Acute effects of vasopressin on potassium and water balance in rats with diabetes insipidus

In rats with hereditary hypothalamic diabetes insipidus (DI), single injections of vasopressin tannate (50-500 mU/animal) induced a dose dependent potassium retention. Sodium balance was only affected by the highest doses of 250 and 500 mU, which induced sodium retention. Serum potassium concentrations slightly increased or remained unchanged after vasopressin administration, whereas serum sodium concentrations decreased. Serum osmolality did not show a significant decrease. In relation to the dose of vasopressin administered, water intake and urine volume decreased. Concomitantly, water was retained; plasma volume increased and hematocrit decreased. Extrarenal water loss of DI rats, which was elevated when compared with rats heterozygous for DI, was restored toward normal levels under the influence of vasopressin.

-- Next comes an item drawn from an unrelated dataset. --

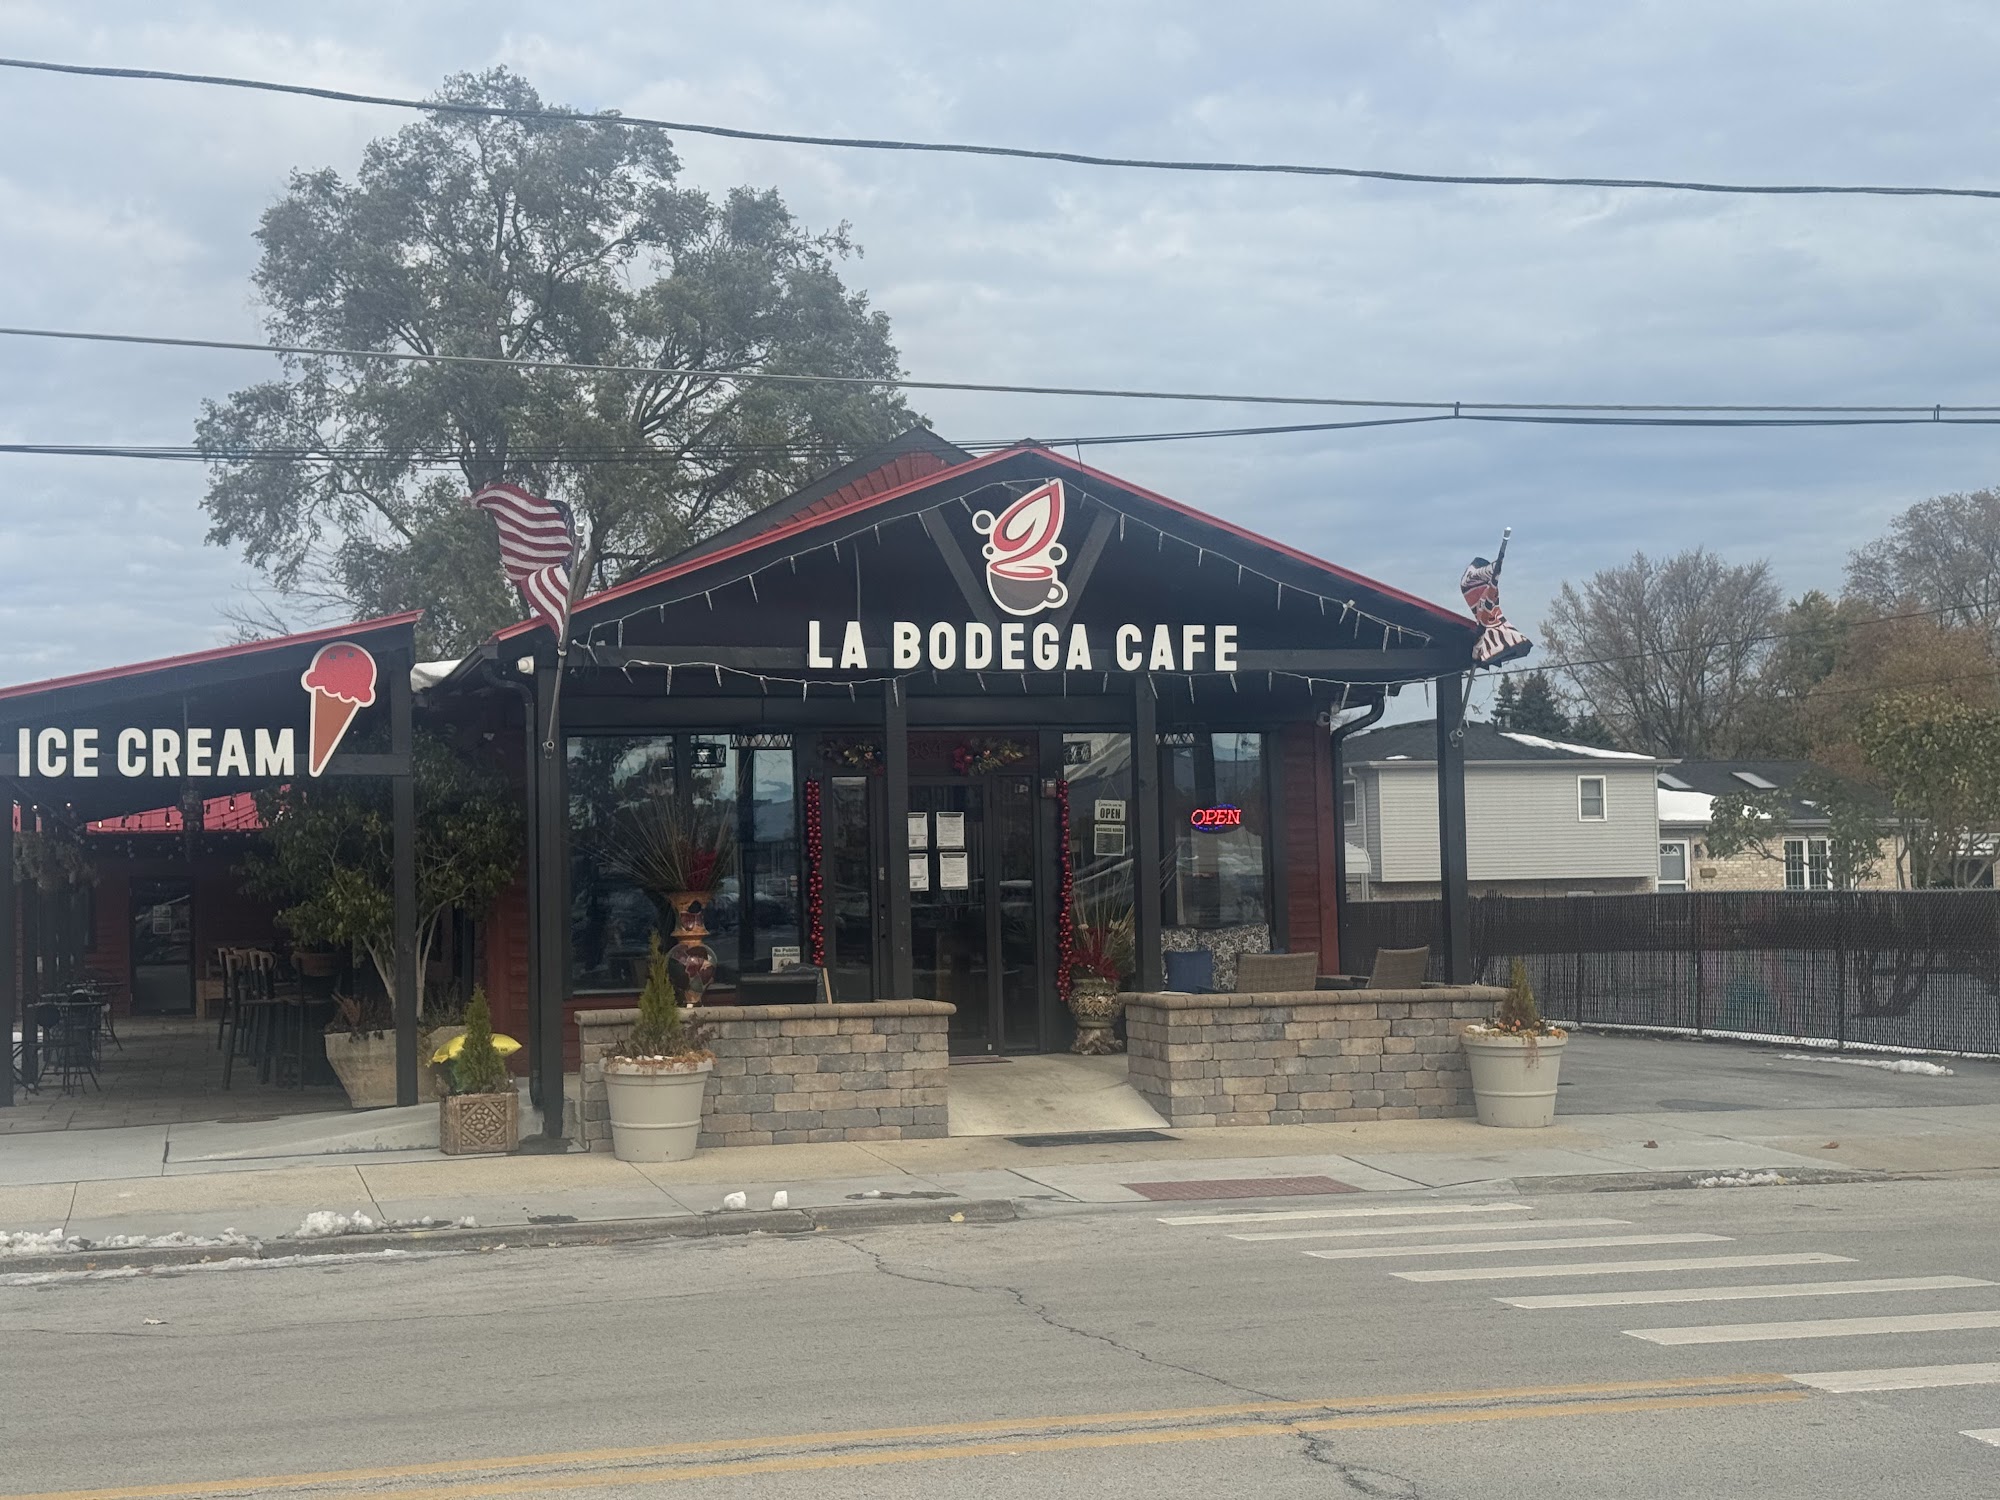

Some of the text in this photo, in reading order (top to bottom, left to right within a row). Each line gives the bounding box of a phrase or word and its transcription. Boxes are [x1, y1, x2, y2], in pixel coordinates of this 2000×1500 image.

[808, 620, 1238, 671] LA BODEGA CAFE
[18, 727, 294, 777] ICE CREAM
[1100, 807, 1121, 819] OPEN
[1190, 808, 1242, 825] OPEN

It is concluded that in DI rats antidiuretic hormone induces potassium retention via a reduction of tubular flow rates in the distal parts of the nephron. Most of the retained potassium is compartmentalized in the intracellular space, whereas most of the retained water remains extracellularly. For DI rats, the substitution dosage of vasopressin tannate should be below the level that induces sodium retention, i.e., about 100 mU/100 g body wt. (39 references).